Unfortunately, it is not so easy as it seems. Amidst all the possibilities, there are two distinct disadvantages that entrepreneurs in Nepal must face. First, you cannot build your business in a vacuum. In an underdeveloped economy you will face many difficulties.For example, when you start a dairy factory, the availability and timing of milk-delivery is crucial. In a country where decent roads are lacking, this will be a severe challenge. When you build a wind farm, which can be challenging by itself, the lack of decent roads also seriously hinders the transport of heavy materials. All in all, it’s easy to have a good idea, but execution is harder than you think.
Even when the supporting conditions are in place, there is a lack of business partners that can help to set up your business. In the Netherlands you can really focus on the niche you found and outsource everything that does not add unique value to the core of your idea.
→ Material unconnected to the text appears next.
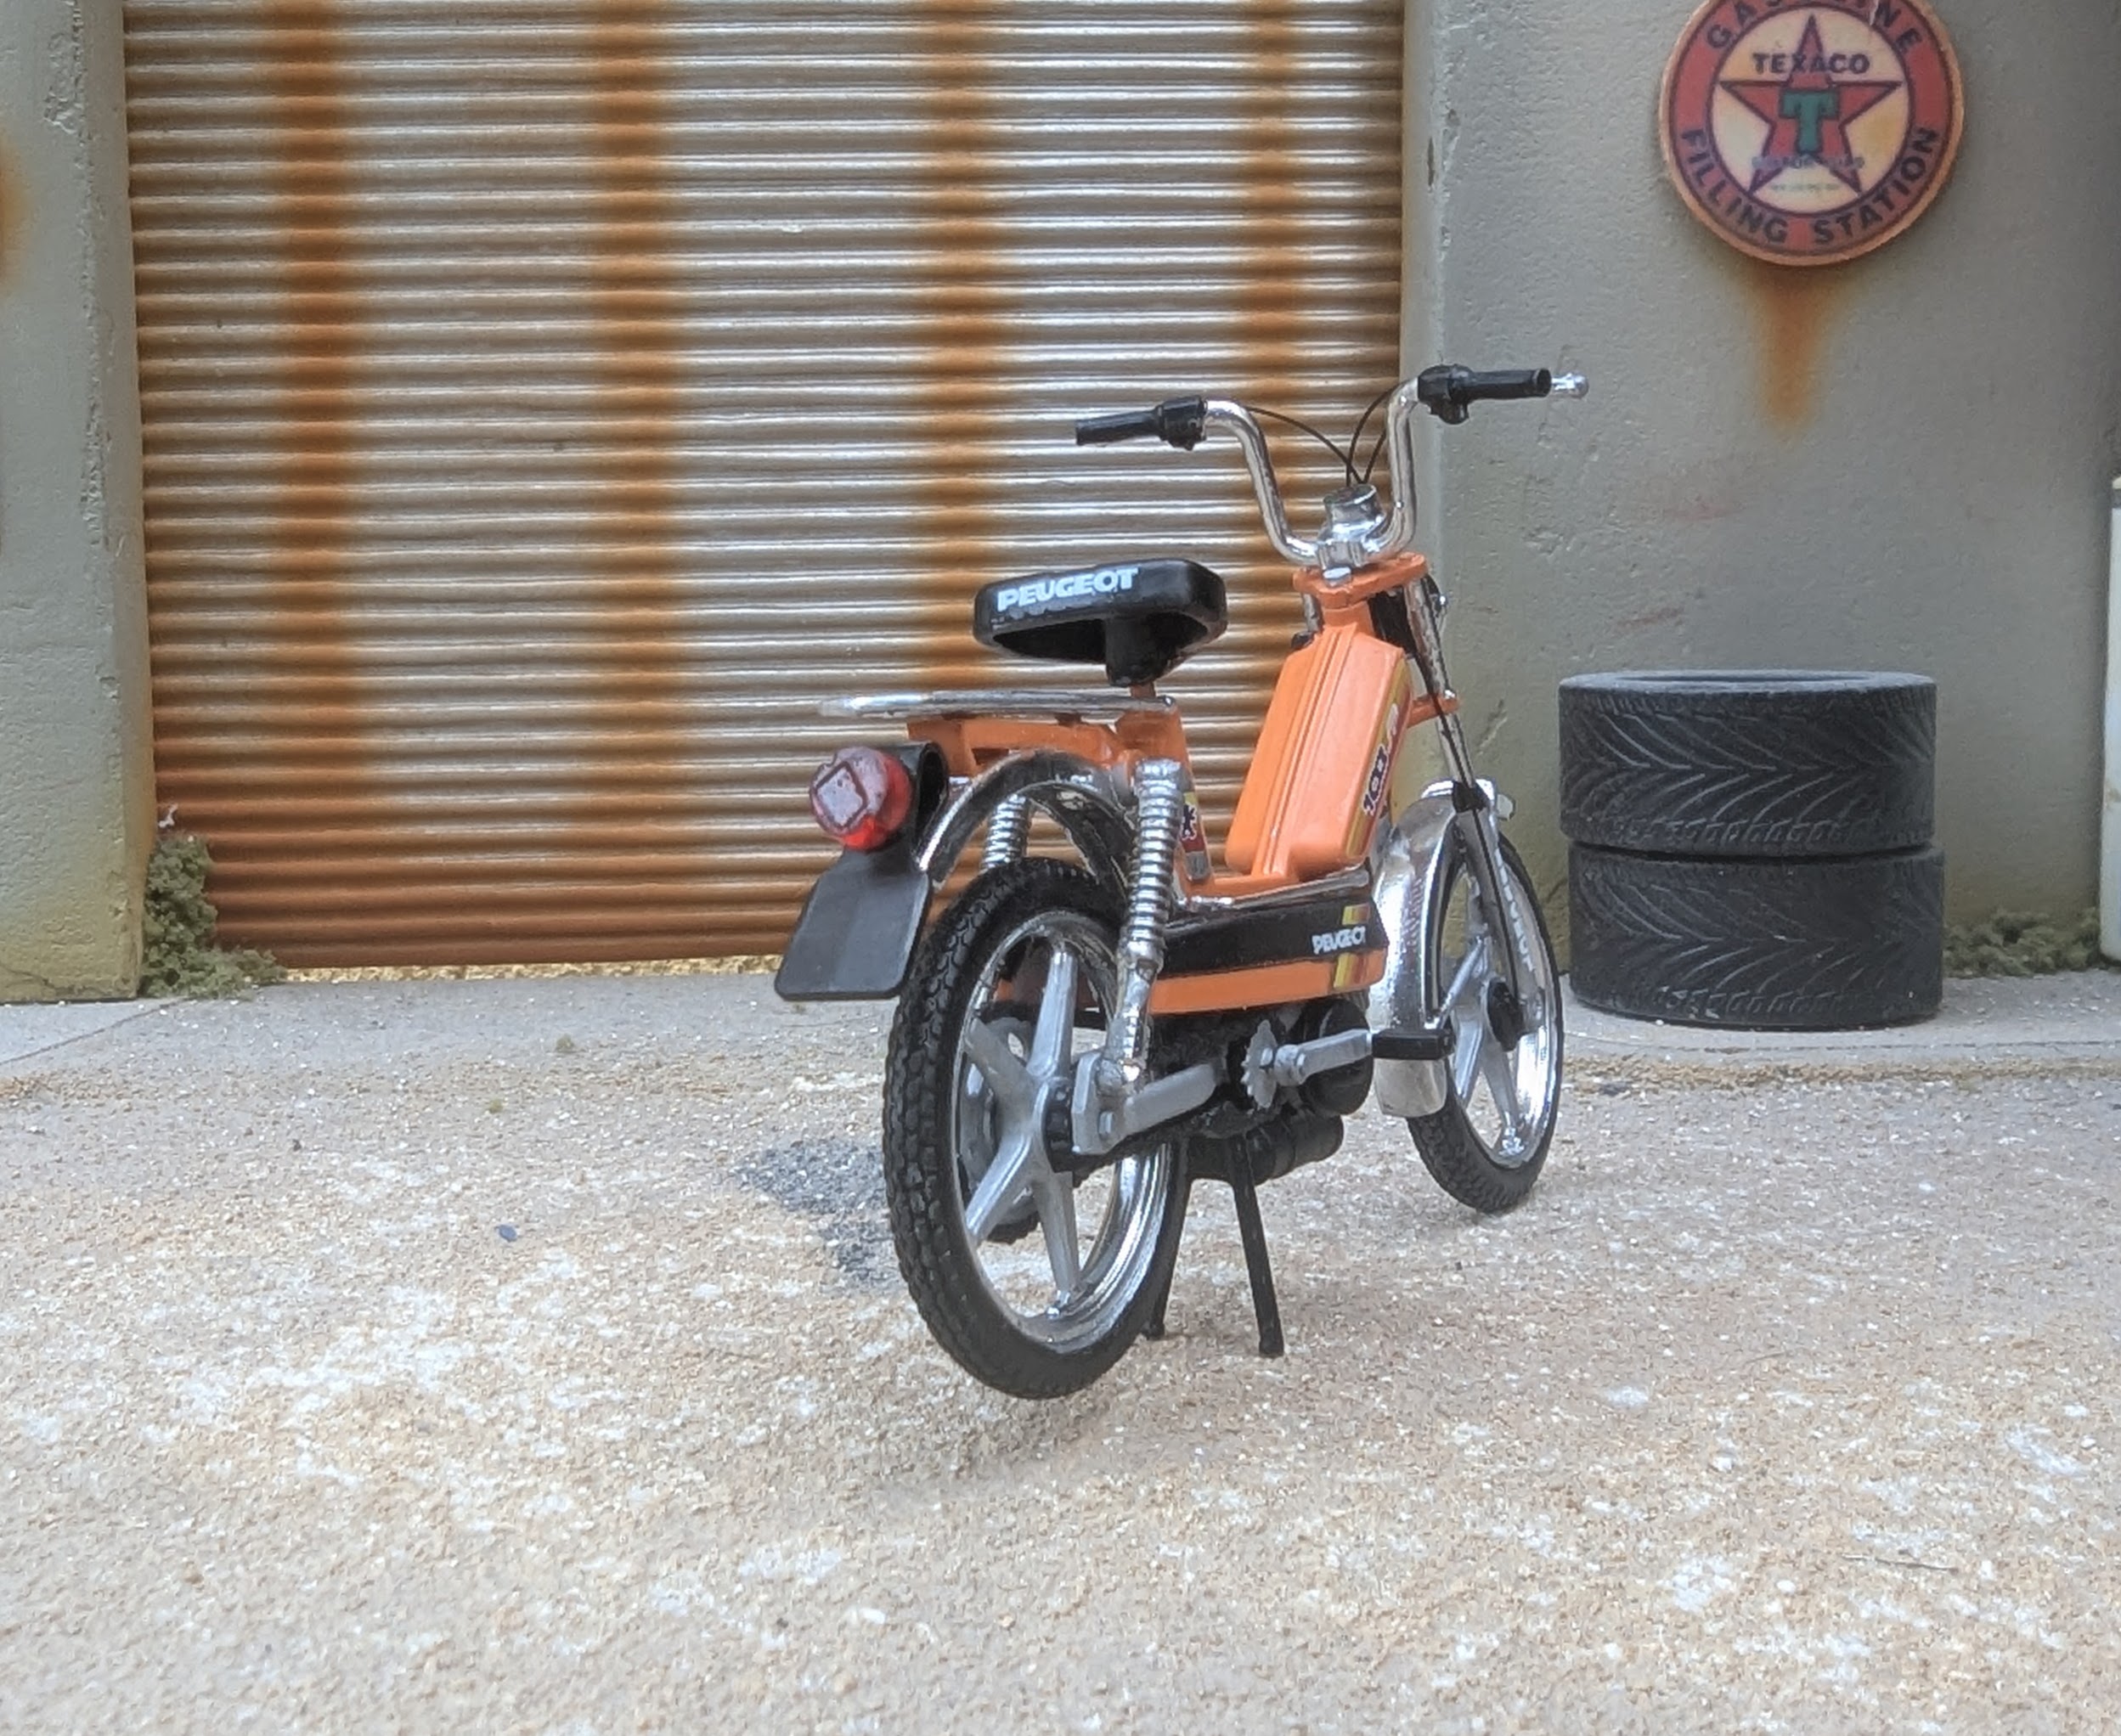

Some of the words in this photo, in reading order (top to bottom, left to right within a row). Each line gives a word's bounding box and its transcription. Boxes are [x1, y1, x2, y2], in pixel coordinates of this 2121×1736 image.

Not so in Nepal. Starting a poultry processing factory? You will be the first, and you will have to find out how to develop, run and optimise the whole process. Good luck. Selling and installing solar panels? You’ll have to hire foreign expertise, develop accompanying financial products new to Nepal and learn yourself how to install them yourself. There are just no partners who can take over parts of the value chain.
It isn’t that easy being an entrepreneur in Nepal. Only those with an inexhaustible enthusiasm will succeed, and that’s exactly the reason why the entrepreneurs we have met might be successful.